In the previous post, I included several answers from Jeopardy! including "What is D?", a response to the clue "The letter after C in the Roman numeral for 400." In a comment, a reader named kylie who lives in Australia said, "My brain has absorbed Roman numerals as well as it has because of watching movies. All of them were made in MCM something so by a process of deduction I could have eventually remembered that C = 100 but I would have been too slow for Jeopardy. I didn't remember D because it didn't appear in movie dates."
I replied to kylie that if all of the movies she has seen were made in MCM something then she hasn't seen a movie in XXIV years, since MCMCXIX, in fact, because movies since then have been made in MM something.
It occurred to me later that perhaps the reason most American brains have absorbed Roman numerals as well as they have is related more to the Statue of Liberty than to movie dates. The very tall woman in New York harbor not only holds aloft a torch with one arm but also cradles in the other arm a tablet engraved with the date JULY IV MDCCLXXVI, the date our Declaration of Independence from England was signed in Philadelphia, Pennsylvanis -- July 4, 1776.
This time last year I was learning to read Hebrew (not the same as understanding Hebrew).
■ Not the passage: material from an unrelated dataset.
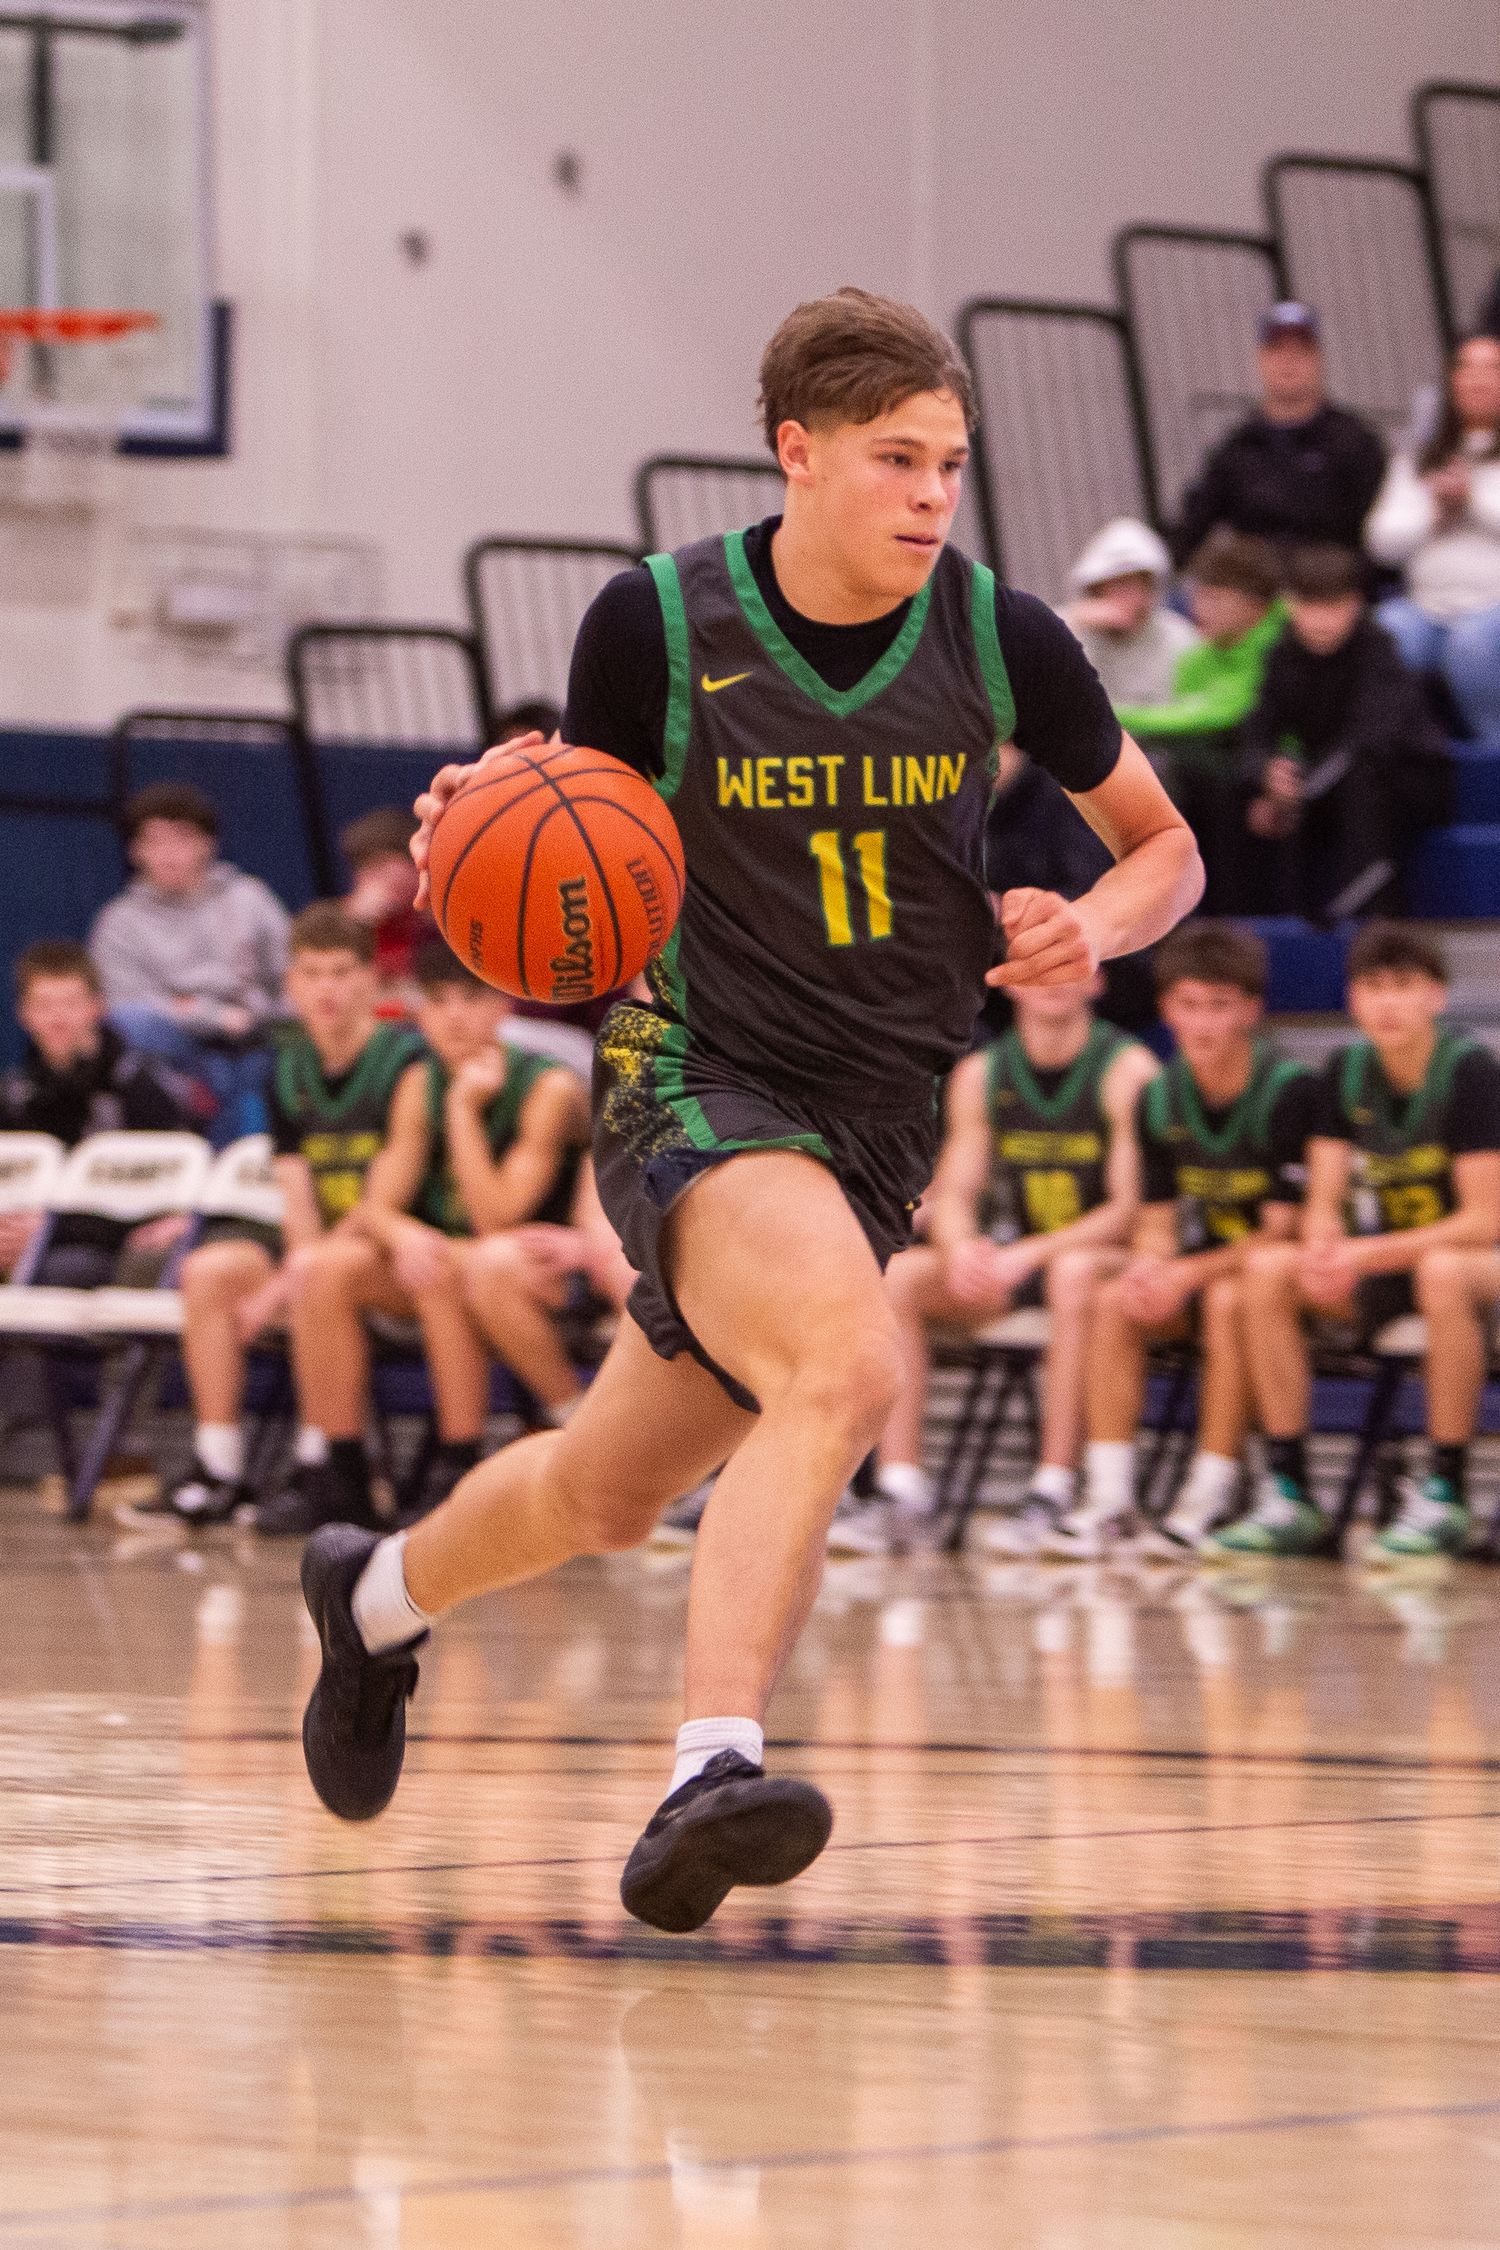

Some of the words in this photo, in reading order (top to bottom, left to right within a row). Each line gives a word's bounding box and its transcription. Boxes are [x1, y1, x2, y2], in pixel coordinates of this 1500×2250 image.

This year I have stumbled across a new way to solve multiplication problems without actually multiplying the numbers together. I tried it several tims and it works.
Suppose you want to solve the following multiplication problem:
15 × 12
We are going to make two columns of numbers. We will call the left column L and the right column R (clever, huh?). Put 15 in the top row of column L and put 12 in the top row of column R.
So far, so good.
Let us continue.
In each row of column L, enter half the number above it, discarding any fraction (that is, half of 15 for our purposes will be 7, not 7.5) until the last row of column L contains "1". In each row of column R, enter double the number above it. In our 15 × 12 problem, your 2-columns will look like this:
| 15 | 12 | |||
| 7 | 24 | |||
| 3 | 48 | |||
| 1 | 96 |
We are not yet done. Here are the three most important things you need to know.
1. If every number in column L is an even number (except the last row, of course, which will always contain "1"), then the last row of the other column (column R) contains the correct answer to the problem L1 × R1.
2. If every number in column L is an odd number, add all the numbers in the other column (column R) together (R1 + R2 + R3, etc.) and the resulting sum is the correct answer to the problem L1 × R1.
3. If column L contains both odd and even numbers, identify (by marking through) all rows in R whose corresponding L row contains an even number. Add together the numbers that remain in column R and the resulting sum is the correct answer to the problem L1 × R1.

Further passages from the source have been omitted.